Antibiotics Can Trigger Asthma Risk in Infants
Prescription drugs that kill bacteria or antibiotics in infants when used in infants before the age of six months turned out to invite risk. In a U.S. study says that babies who received antibiotics had 70 percent higher risk of suffering from asthma in childhood.
Researchers at Yale University indicates that babies who face an increased risk of asthma by 40 percent if all have been prescribed antibiotics for treatment in the early months of his birth, the risk would increase to 70 percent if they have been prescribed both to treat infections that are difficult to cure.
Study scientists are some recent discoveries in science-related drugs on asthma in children. Some experts doubt whether indeed there is an antibiotic that causes this disease or a baby involved in this study does have the talent to have asthma.
However in a recent report that will be published in the American Journal of Epidemiology, scientists have concluded that the relationship is indeed strong. In research conducted by scientists at Yale University have monitored 1400 children to see whether the prescription of antibiotics at an early age can lead to cases of asthma was higher in the age of six years.

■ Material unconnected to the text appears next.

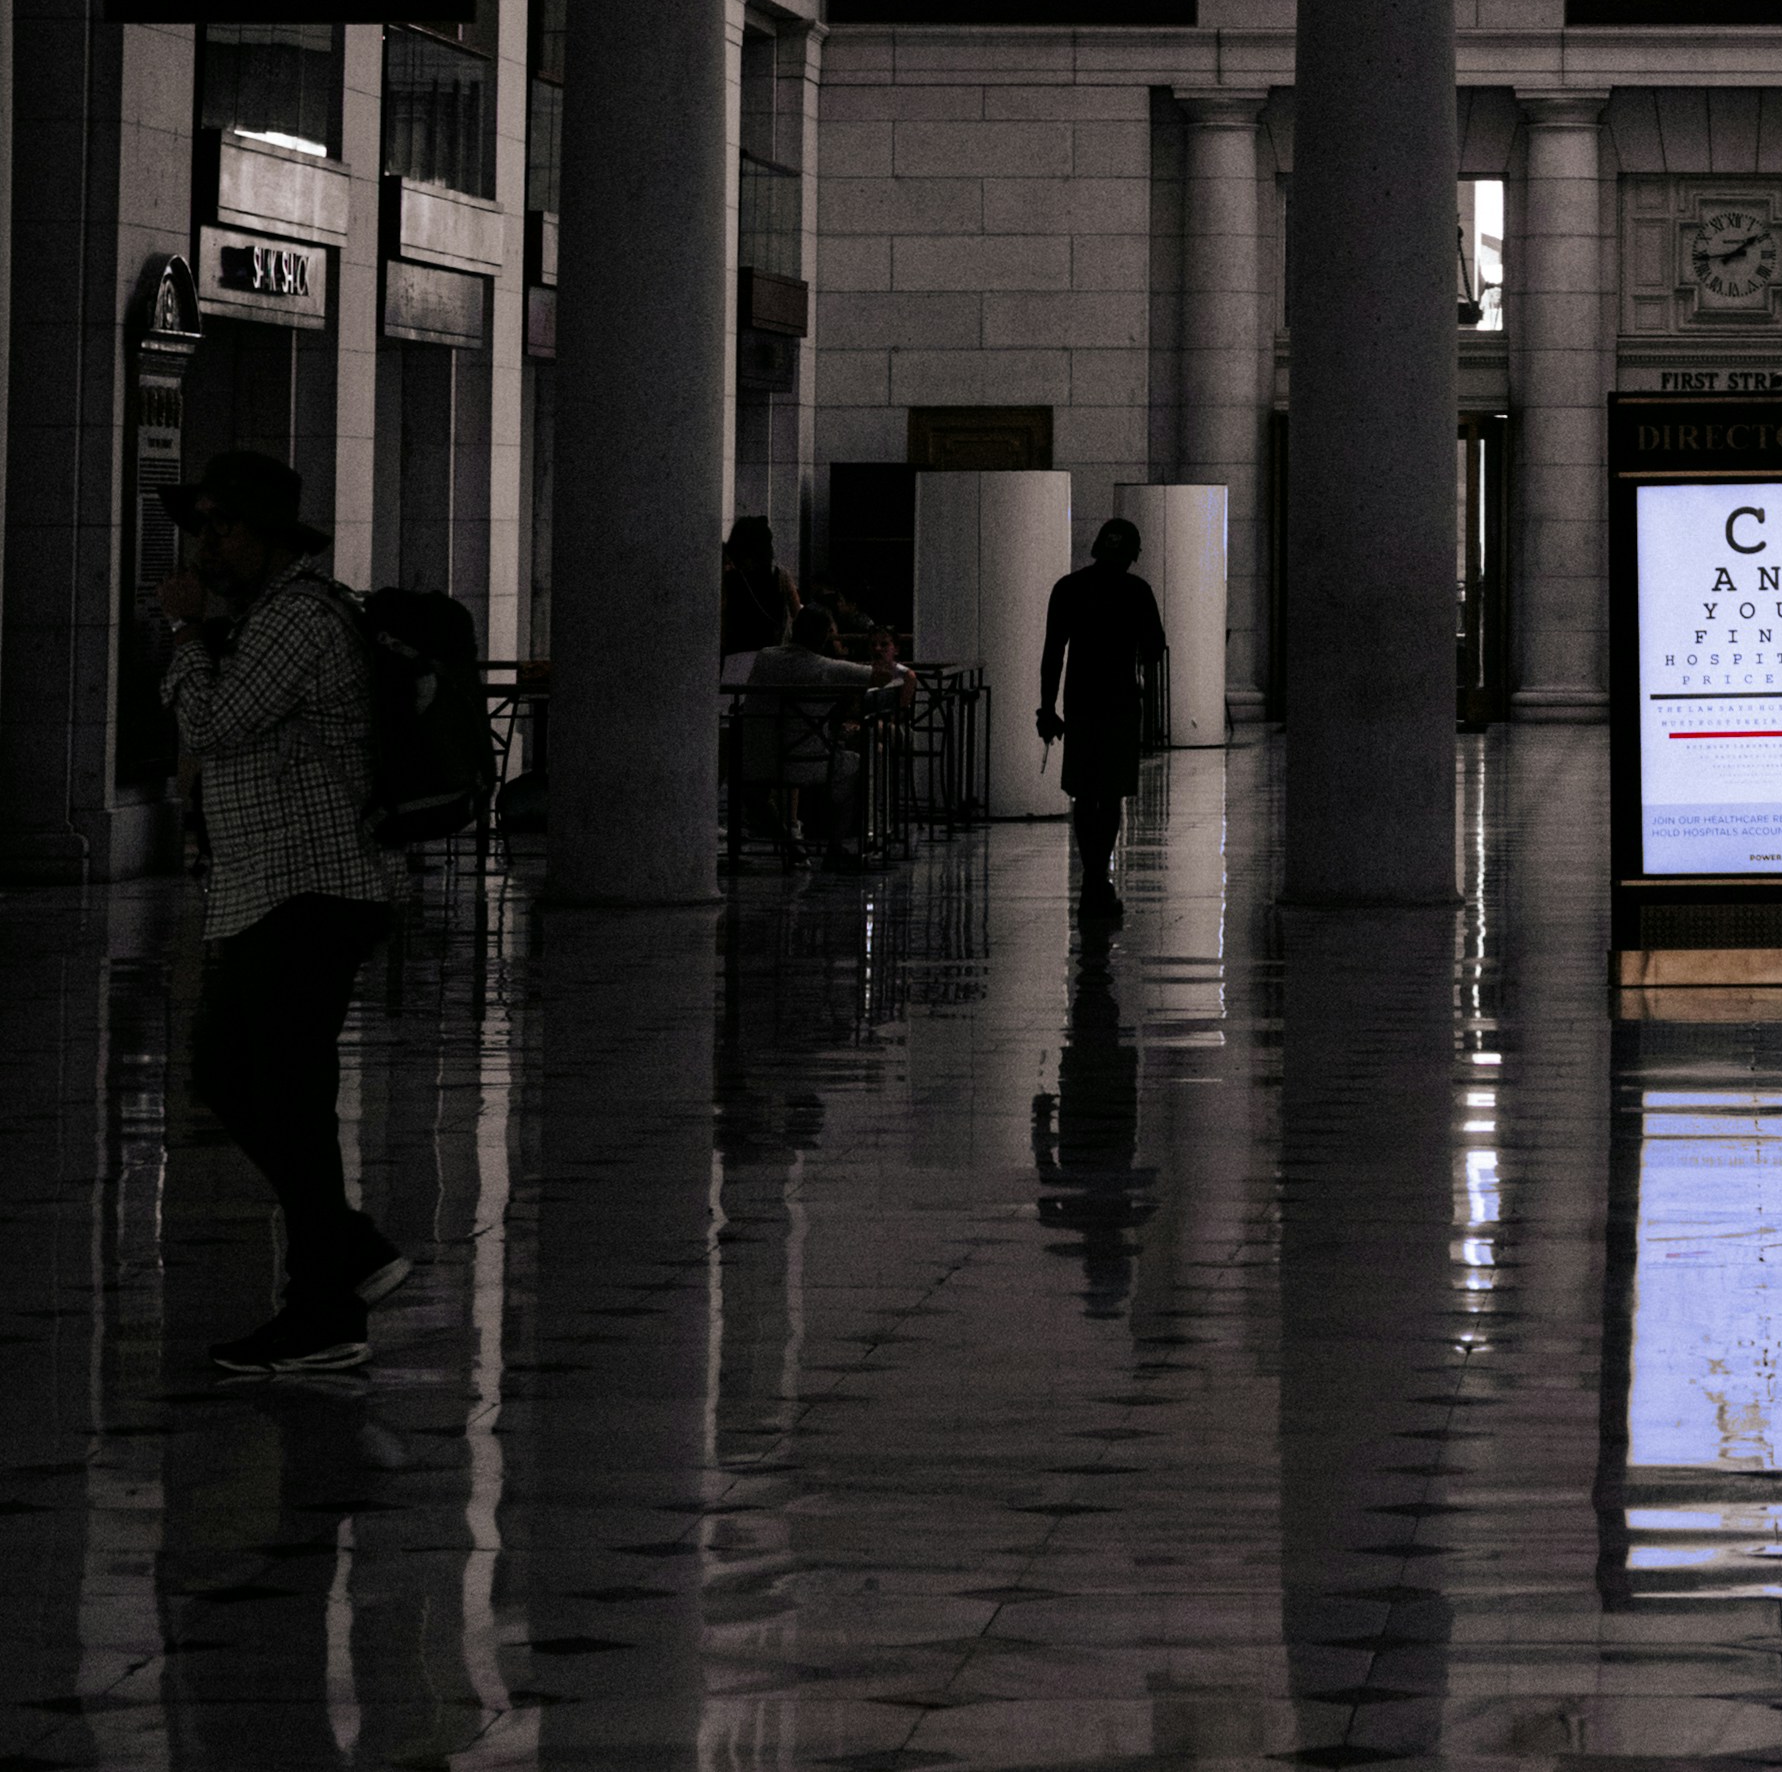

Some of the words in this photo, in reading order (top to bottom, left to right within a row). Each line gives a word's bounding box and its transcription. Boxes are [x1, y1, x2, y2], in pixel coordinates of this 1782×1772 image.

Children who were included were those who were prescribed antibiotics before the age of six months for the problem of infection outside of the chest infection which is identical to the symptoms of asthma. Participants also included children who were born from parents with no history of asthma.
From the results of that research has shown an increased risk of developing in children who were given antibiotics before the age of six months even though their child had no history of asthma.